Fortunately, investors also appear to be "slowly awakening from their cautious lethargy" induced by the "numbing volatility of the past nine months," Simmons' research team says in a report summarizing the event.
"...Energy fundamentals are in considerably better shape than reflected by current public-equity valuations for energy stocks. To be sure, the broader market volatility has been a hindrance and a meaningful distraction."
Speakers from Halliburton, Weatherford International and Smith International, and from several E&P firms, agreed that North American oilfield-service prices are stagnating, and in some cases going down 10% to 15%. The drilling-activity low point was seen in fourth-quarter 2006.
Softening service costs may not necessarily lead to increased rig counts, however, as the E&P speakers instead said they will improve their margins or use cash for other purposes.

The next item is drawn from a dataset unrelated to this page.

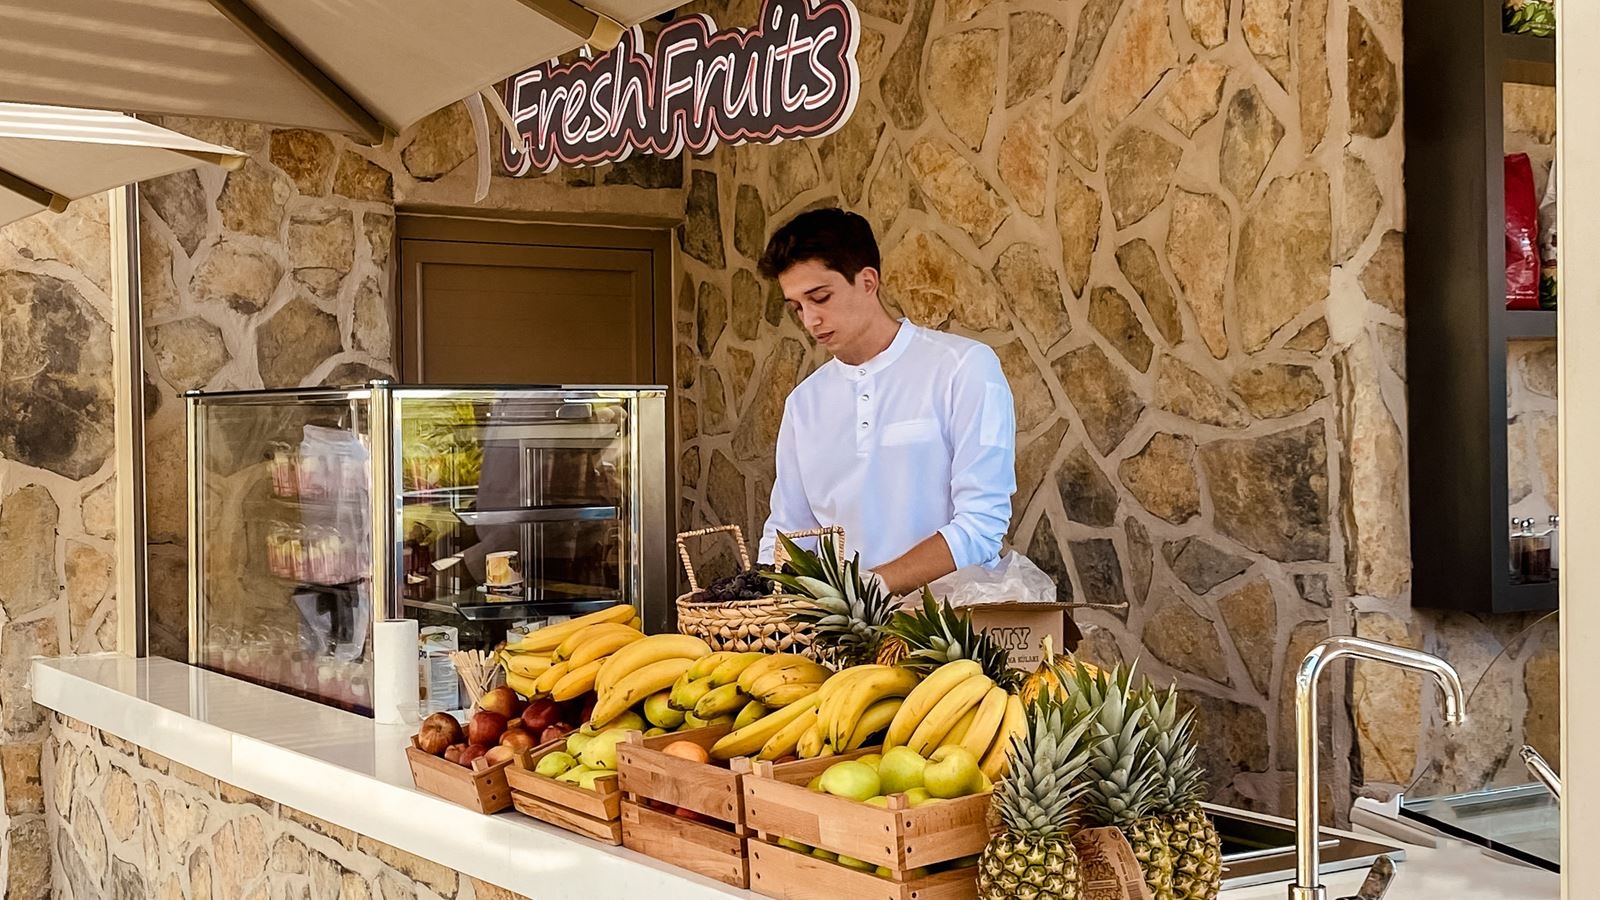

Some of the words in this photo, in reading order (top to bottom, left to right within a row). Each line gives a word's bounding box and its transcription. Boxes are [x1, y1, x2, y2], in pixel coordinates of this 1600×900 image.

The service-company speakers said 40% of their revenues now come from abroad and they expect the Eastern Hemisphere to be the source of their fastest growth for many years to come.
XTO Energy Inc. president Keith Hutton and Chesapeake Energy Corp. chief financial officer Marc Rowland agreed that the U.S. industry as a whole will have a hard time increasing production this year due to accelerating decline rates and a flat rig count through the rest of the year.
In unconventional gas plays, the first-year decline rate is up to 70% on average, they said.
The E&P speakers said private-equity firms are knocking on their door, the Simmons analysts report. "All participants confirmed private-equity interest in E&P stocks, but said the high-leverage nature of going private challenges operating capabilities despite the ability to hedge."
All participants said they expect natural gas prices to stay in a band of $6 to $10 per million Btu and they will look to add more 2007 hedges if the price exceeds $8.